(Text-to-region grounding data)

________________

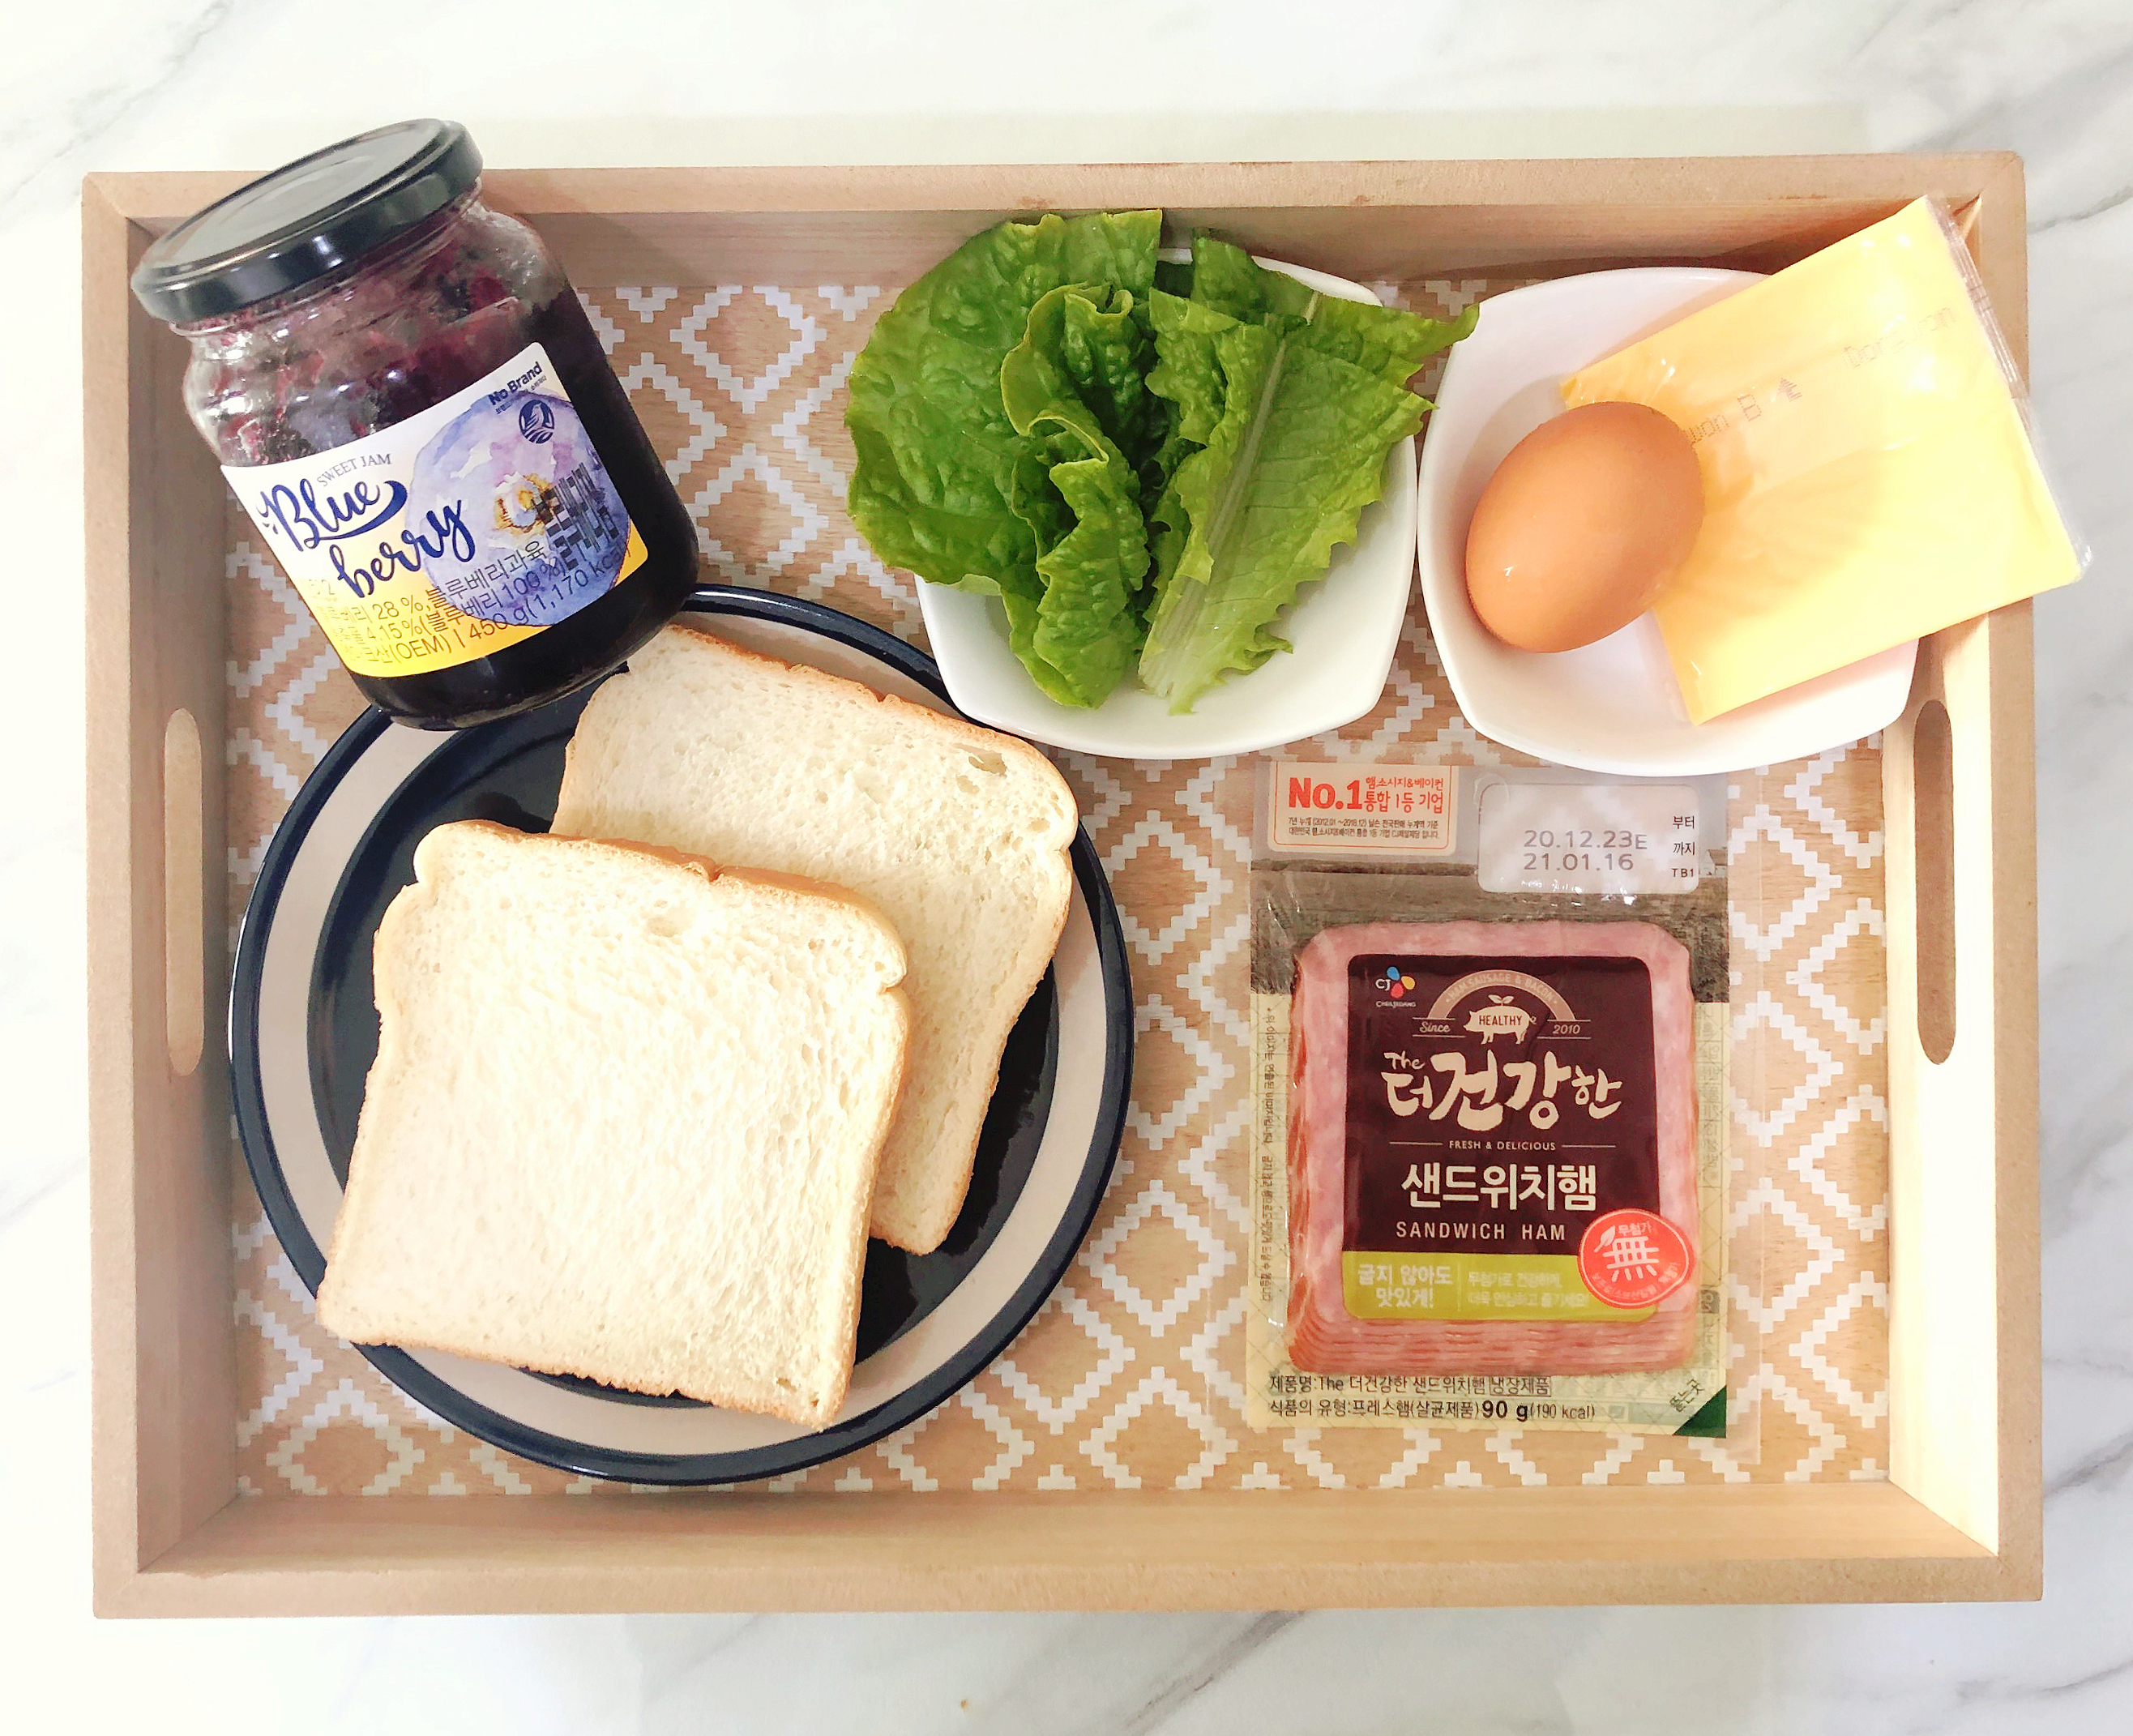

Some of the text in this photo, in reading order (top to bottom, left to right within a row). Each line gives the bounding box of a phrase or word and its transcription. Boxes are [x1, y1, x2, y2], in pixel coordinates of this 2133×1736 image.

[488, 388, 508, 405] No
[507, 361, 542, 393] Brand
[316, 453, 391, 487] SWEET JAM
[256, 478, 408, 552] Blue
[329, 499, 476, 598] berry
[469, 613, 508, 639] 450
[1289, 777, 1362, 810] No.1
[1364, 790, 1443, 814] 통합 1등 기업
[1427, 820, 1438, 829] 기준
[1672, 815, 1695, 830] 부터
[1673, 841, 1695, 856] 까지
[1523, 853, 1634, 871] 21.01.16
[1375, 978, 1391, 991] CJ
[1419, 1021, 1451, 1033] Since
[1479, 1015, 1523, 1026] HEALTHY
[1552, 1024, 1581, 1035] 2010
[1383, 1050, 1426, 1070] The
[1448, 1140, 1557, 1152] FRESH & DELICIOUS
[1401, 1162, 1597, 1212] 샌드위치햄
[1396, 1221, 1566, 1241] SANDWICH HAM
[1618, 1221, 1652, 1237] 무첨가
[1602, 1236, 1660, 1282] 無
[1400, 1264, 1453, 1286] 않아도
[1349, 1375, 1407, 1393] 더건강한
[1413, 1375, 1485, 1395] 샌드위치햄
[1491, 1376, 1550, 1396] 냉장제품
[1270, 1399, 1312, 1417] 식품의
[1561, 1403, 1596, 1421] kcal)

________________

» **PROBLEM**
Repeat every line of the data above exactly, but drop the pictures.

» **RESPONSE BOX**
Some of the text in this photo, in reading order (top to bottom, left to right within a row). Each line gives the bounding box of a phrase or word and its transcription. Boxes are [x1, y1, x2, y2], in pixel coordinates of this 2133×1736 image.

[488, 388, 508, 405] No
[507, 361, 542, 393] Brand
[316, 453, 391, 487] SWEET JAM
[256, 478, 408, 552] Blue
[329, 499, 476, 598] berry
[469, 613, 508, 639] 450
[1289, 777, 1362, 810] No.1
[1364, 790, 1443, 814] 통합 1등 기업
[1427, 820, 1438, 829] 기준
[1672, 815, 1695, 830] 부터
[1673, 841, 1695, 856] 까지
[1523, 853, 1634, 871] 21.01.16
[1375, 978, 1391, 991] CJ
[1419, 1021, 1451, 1033] Since
[1479, 1015, 1523, 1026] HEALTHY
[1552, 1024, 1581, 1035] 2010
[1383, 1050, 1426, 1070] The
[1448, 1140, 1557, 1152] FRESH & DELICIOUS
[1401, 1162, 1597, 1212] 샌드위치햄
[1396, 1221, 1566, 1241] SANDWICH HAM
[1618, 1221, 1652, 1237] 무첨가
[1602, 1236, 1660, 1282] 無
[1400, 1264, 1453, 1286] 않아도
[1349, 1375, 1407, 1393] 더건강한
[1413, 1375, 1485, 1395] 샌드위치햄
[1491, 1376, 1550, 1396] 냉장제품
[1270, 1399, 1312, 1417] 식품의
[1561, 1403, 1596, 1421] kcal)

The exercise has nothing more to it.